A recent discovery showed that MSI accidentally nuked Secure Boot's functionality due to a small blunder in the firmware. The manufacturer configured the "Image Execution Policy" setting to "Always Execute," rendering Secure Boot useless under the current default settings. As a solution to the slip-up, MSI will roll out a new firmware that utilizes "Deny Execute" as the default setting.
MSI posted the following statement on the MSI Gaming subreddit (opens in new tab):
"MSI implemented the Secure Boot mechanism in our motherboard products by following the design guidance defined by Microsoft and AMI before the launch of Windows 11. We preemptively set Secure Boot as Enabled and "Always Execute" as the default setting to offer a user-friendly environment that allows multiple end-users flexibility to build their PC systems with thousands (or more) of components that included their built-in option ROM, including OS images, resulting in higher compatibility configurations. For users who are highly concerned about security, they can still set "Image Execution Policy" as "Deny Execute" or other options manually to meet their security needs."
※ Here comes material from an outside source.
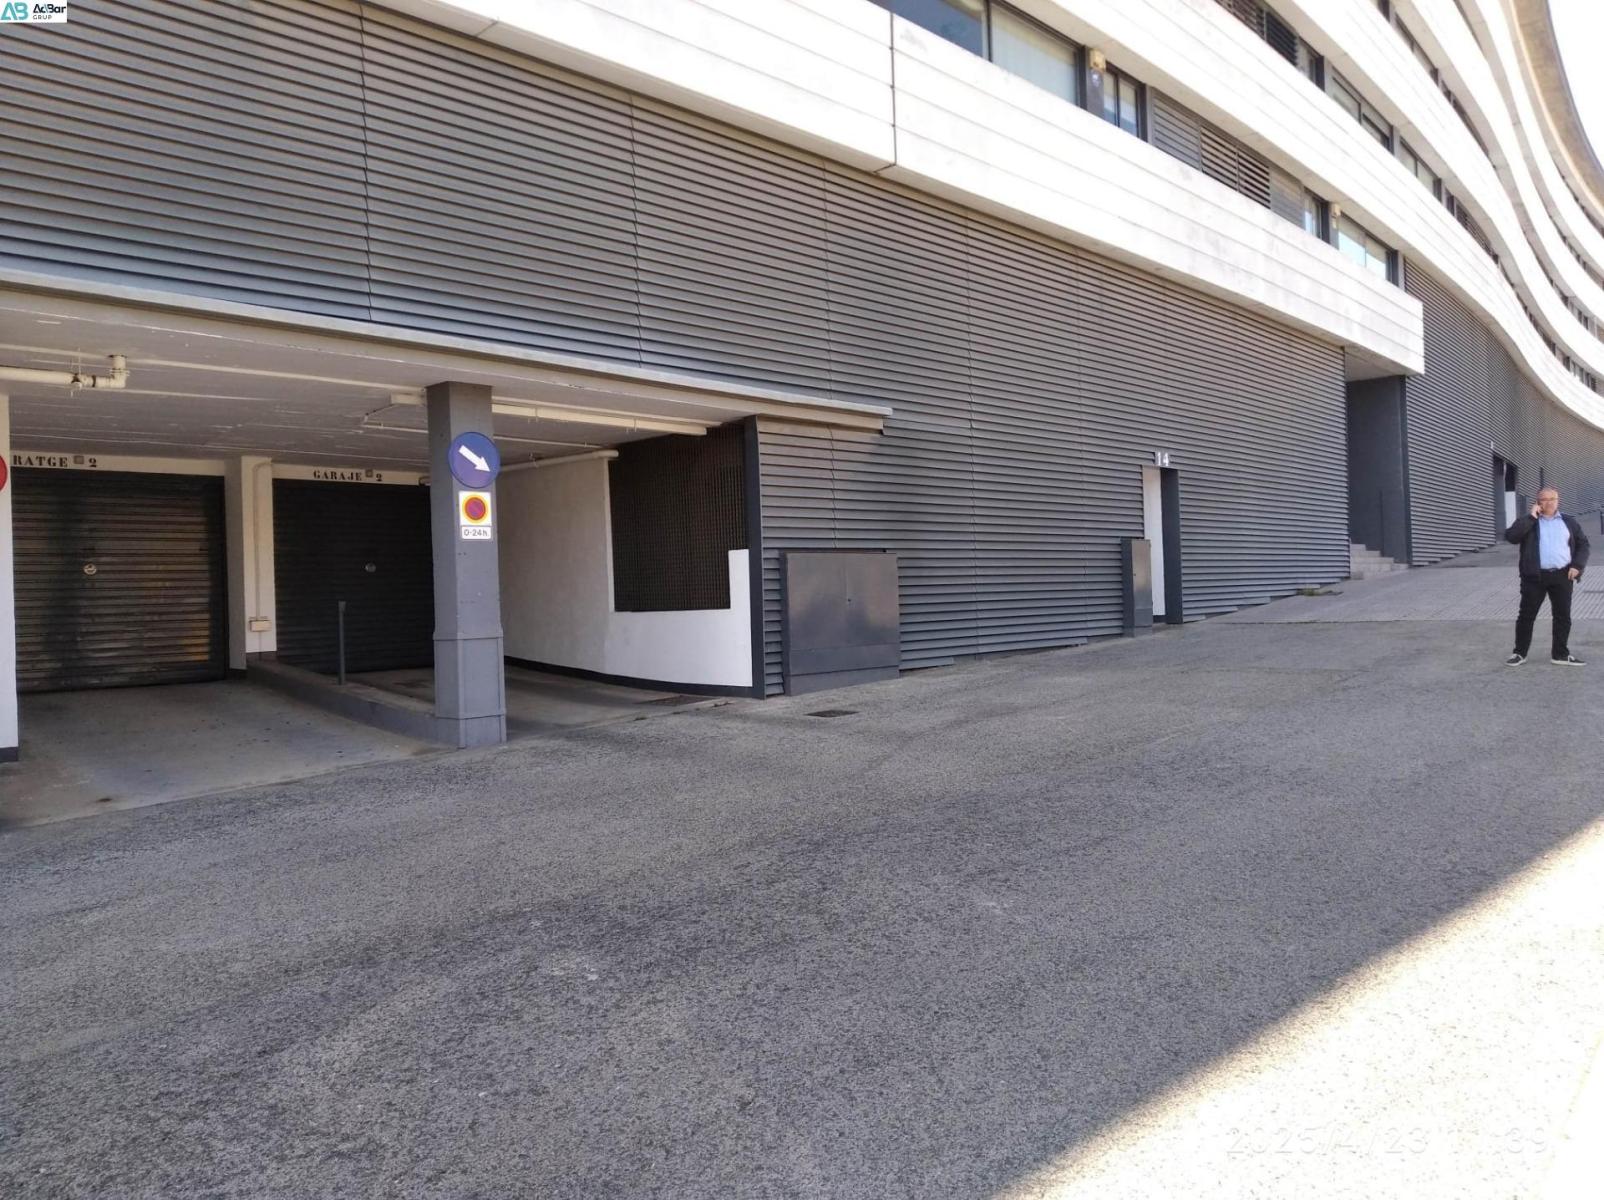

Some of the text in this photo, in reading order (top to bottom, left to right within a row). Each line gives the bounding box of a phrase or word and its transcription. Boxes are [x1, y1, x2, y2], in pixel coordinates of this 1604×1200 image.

"In response to the report of security concerns with the preset bios settings, MSI will be rolling out new BIOS files for our motherboards with 'Deny Execute' as the default setting for higher security levels. MSI will also keep a fully functional Secure Boot mechanism in the BIOS for end-users so that they can modify it according to their needs."
Although MSI's new firmware will fully restore Secure Boot's function, users can still go into the BIOS and fiddle with the individual settings themselves. Unfortunately, the motherboard vendor didn't specify an exact date on when the new firmware will be available to users. However, given the severity of the issue, it shouldn't be long before the rollout commences.